Tourism

Budva’s Slovenska Plaža and Hotel Aleksandar privatisation could mark a €700 million turning point

Budva’s planned privatisation of its flagship tourism assets—Slovenska Plaža and Hotel Aleksandar—has emerged as more than a change in ownership. Consultants argue the move reflects an increasingly unavoidable need to reposition Montenegro’s tourism product, after the current state-controlled operating model has struggled to keep pace with a market that has shifted toward high-end, integrated resort developments.

Analysis by Horwath HTL concludes that maintaining the status quo would likely mean gradual erosion of Budva’s market position and declining economic returns. The core problem is described as structural: much of Budva’s hotel infrastructure, even after periodic renovations, dates to an earlier development cycle and no longer matches the expectations of contemporary international tourists. Older hotel formats are said to generate lower guest spending, shorter stays, and weaker multiplier effects across the local economy.

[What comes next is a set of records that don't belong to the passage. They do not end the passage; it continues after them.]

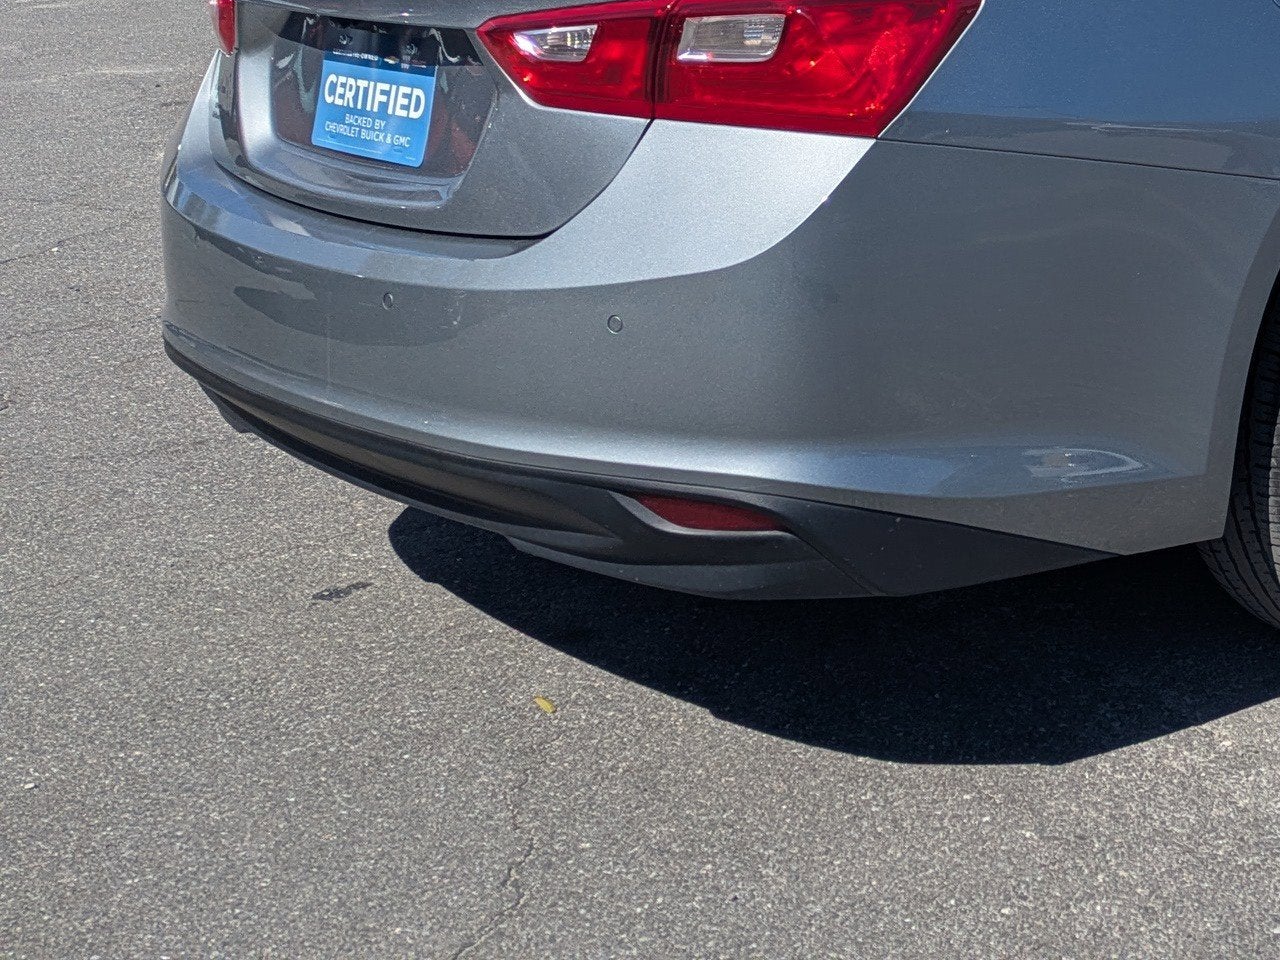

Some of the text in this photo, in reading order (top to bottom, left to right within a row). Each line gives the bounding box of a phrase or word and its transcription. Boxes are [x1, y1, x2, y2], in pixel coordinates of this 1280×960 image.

[324, 73, 426, 120] CERTIFIED
[324, 120, 360, 138] CHEVROLET
[360, 128, 385, 143] BUICK
[385, 133, 392, 144] &
[393, 134, 411, 148] GMC
[345, 113, 386, 131] BACKED BY

A capital-intensive redevelopment rather than incremental refurbishment

In this framing, privatisation is presented not as an ideological shift but as a capital solution. Investor-led plans tied to restructuring envisage a redevelopment cycle valued at around €700 million. That would include new high-category hotels, upgraded public spaces, commercial zones, and expanded tourism infrastructure—moving the project beyond incremental upgrades into full urban-tourism repositioning.

The approach under consideration also differs from traditional asset sales. Instead of transferring control outright, it is aligned with international resort development structures in which the state retains a minority stake of roughly 30–40%, while private investors take operational control and assume capital risk. Horwath HTL characterises this as consistent with how Mediterranean governments increasingly operate: acting as regulators and strategic stakeholders rather than day-to-day operators.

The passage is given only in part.